(WORK ORDER) Copy every line of the records exactly, without including the images.

[Stored data entries]
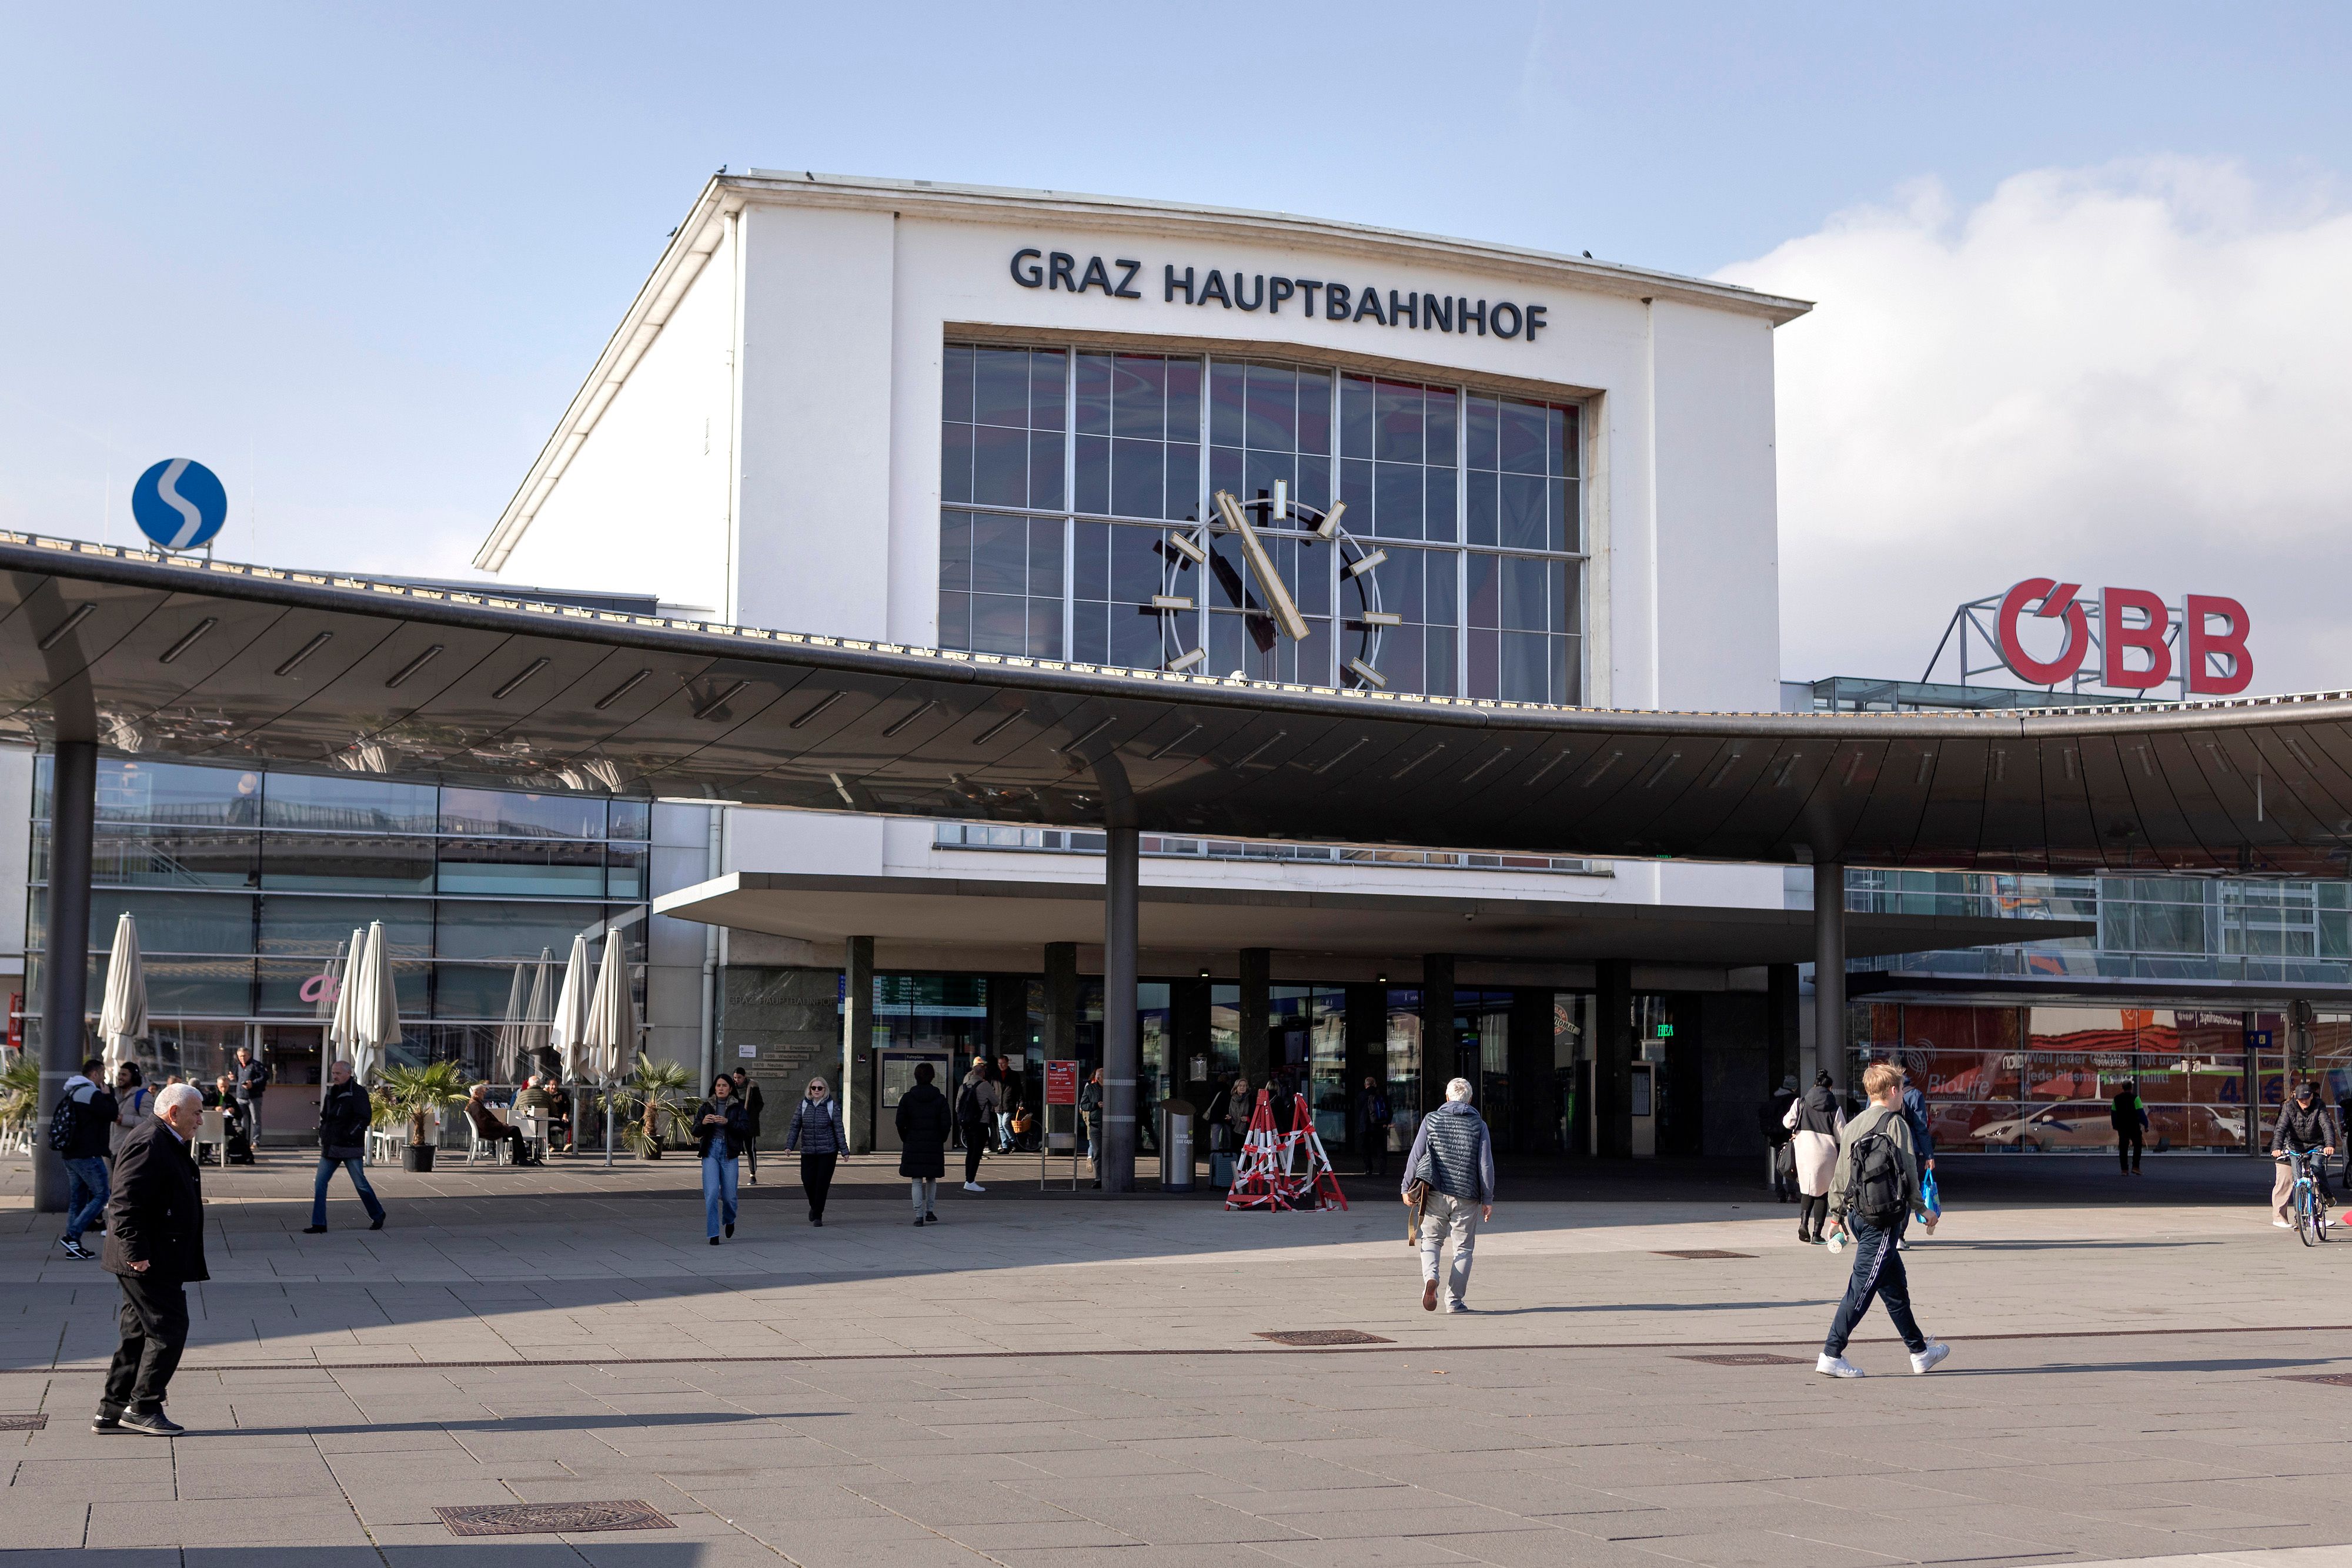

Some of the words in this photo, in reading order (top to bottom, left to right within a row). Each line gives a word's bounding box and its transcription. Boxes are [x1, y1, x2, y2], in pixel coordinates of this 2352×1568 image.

[1010, 248, 1142, 298] GRAZ
[1164, 263, 1549, 341] HAUPTBAHNHOF
[1993, 577, 2253, 695] ÖBB
[759, 997, 834, 1006] HAUPTBAHNHOF
[1555, 1018, 1575, 1032] TOMAT
[2026, 1053, 2053, 1064] Weil
[2055, 1053, 2087, 1066] jeder
[2159, 1053, 2181, 1065] und
[2026, 1069, 2053, 1083] jede
[1927, 1073, 1990, 1101] BioLife

(RESPONSE TO THIS EXERCISE)
Some of the words in this photo, in reading order (top to bottom, left to right within a row). Each line gives a word's bounding box and its transcription. Boxes are [x1, y1, x2, y2], in pixel coordinates of this 2352×1568 image.

[1010, 248, 1142, 298] GRAZ
[1164, 263, 1549, 341] HAUPTBAHNHOF
[1993, 577, 2253, 695] ÖBB
[759, 997, 834, 1006] HAUPTBAHNHOF
[1555, 1018, 1575, 1032] TOMAT
[2026, 1053, 2053, 1064] Weil
[2055, 1053, 2087, 1066] jeder
[2159, 1053, 2181, 1065] und
[2026, 1069, 2053, 1083] jede
[1927, 1073, 1990, 1101] BioLife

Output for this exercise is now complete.